Health 2.0 / MAKE Developer Challenge happening this weekend in Boston

The Health 2.0 / MAKE Developer Challenge is happening this weekend, Feb 19th, in Boston. The day is bringing developers, designers, makers, researchers, care providers, sensor-geeks, hardware hackers, patients, and anyone else interested in improving healthcare by building new applications and tools. If you haven’t signed up already, register now, because it’s filling up fast.
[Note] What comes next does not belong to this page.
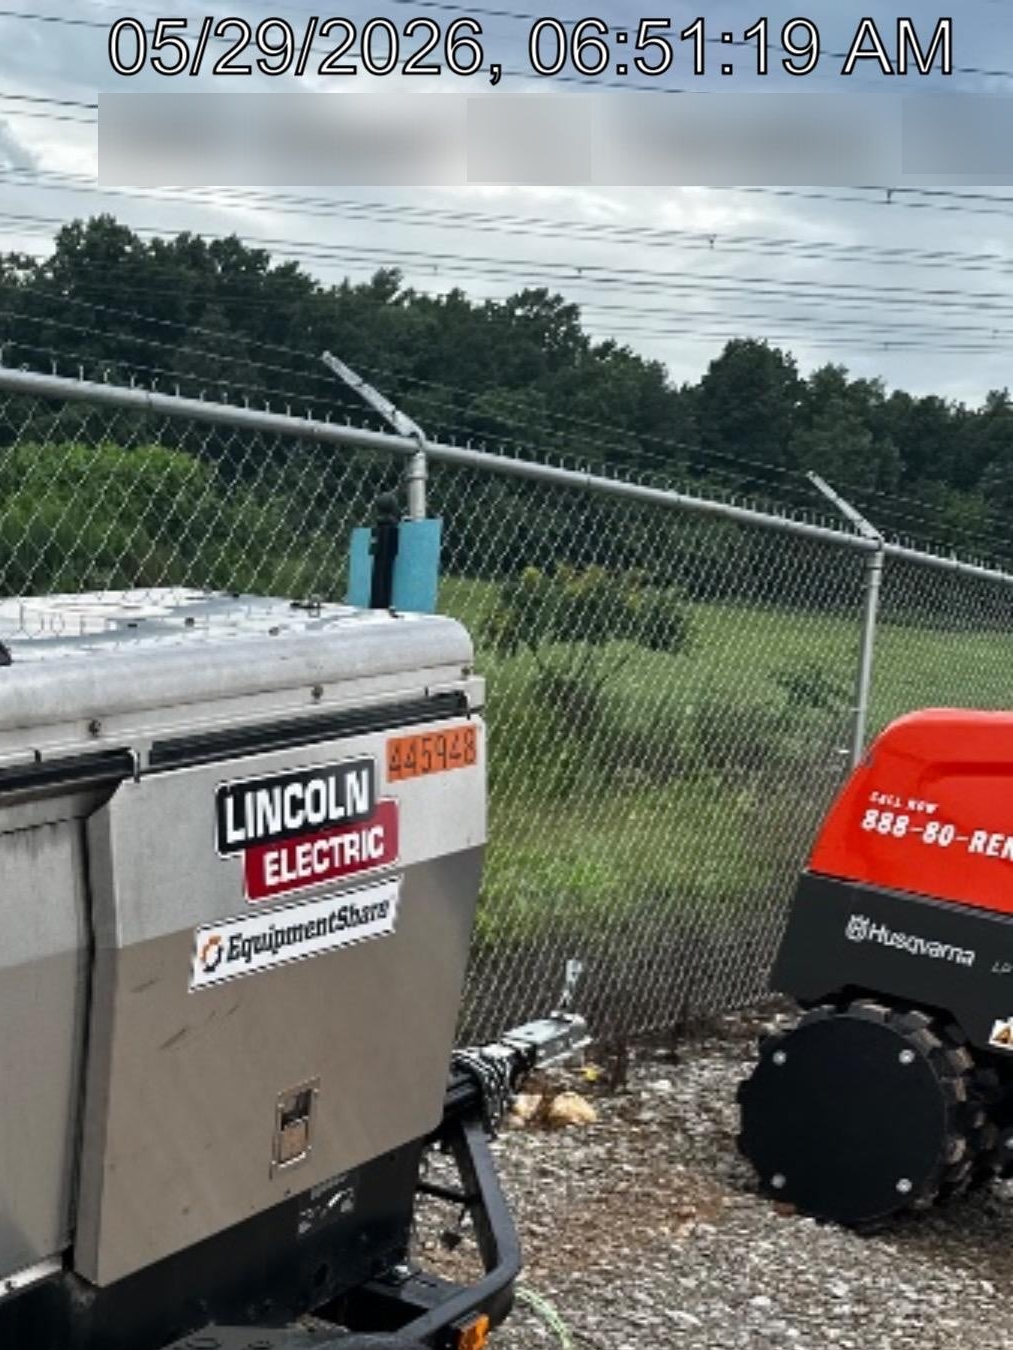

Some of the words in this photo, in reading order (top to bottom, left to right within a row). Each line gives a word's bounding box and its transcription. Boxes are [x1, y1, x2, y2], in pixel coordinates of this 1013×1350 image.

Here’s a sample of a few of the speakers that will be on hand:

  • Vaibhav Bhandari from Microsoft’s Health Solutions Group. Vaibhav is going to be talking about HealthVault, medical ontologies, and untangling the various HealthCare IT standards.
  • John Brownstein from Harvard Children’s Hospital. John is an epidemiologist who has studied diseases as varied as malaria, dengue, HIV, West Nile virus, Lyme disease, RSV and influenza. He’s going to be speaking about his work with HealthMap, a site that brings together a variety of data to provide a comprehensive view of the current global state of infectious diseases and their effect on human and animal health.
  • Greg Borenstein from NYU’s ITP school. He’s going to be talking about how to hack the Kinect using Processing and Open Frameworks, and how it can be applied to health.
  • John Luciani from Wiblock. John is going to be walking through how to use the various goodies MAKE is supplying for the event: arduinos, sensor, modules, and so forth. He’s also got some code demos teams can use for their projects.
  • Far McKon from Bug Labs. Far is bringing some really cool gear — 5 complete bug bundles. The heart of the kit it is the ‘Bug Base’ which has built in wifi, bluetooth, and battery. Each kit has a general IO module (the Von Hippel), GPS, and a camera + accelerometer module. And sample code to use all of them, naturally.

Huge thanks to the MAKE team (particularly Dan Woods at the Maker Shed), Microsoft, and Bug Labs for their support for the event.

As a teaser, check out Greg’s demonstration code that uses OSCeleton Processing MotionCapture3D to convert data from the Kinect into 3D coordinates representing each of the joints of the body.

Kinect and OSCeleton controlling a camera in 3D space in Processing from Greg Borenstein on Vimeo.

He’s written the project up on Skeleton Tracking with Kinect and Processing, and posted the code on github as controlling a 3d camera via gestures with kinect in Processing. His talk about the demo, and his assistance in getting teams set up, should be the basis for a lot of fun projects.

Looking forward to seeing you there.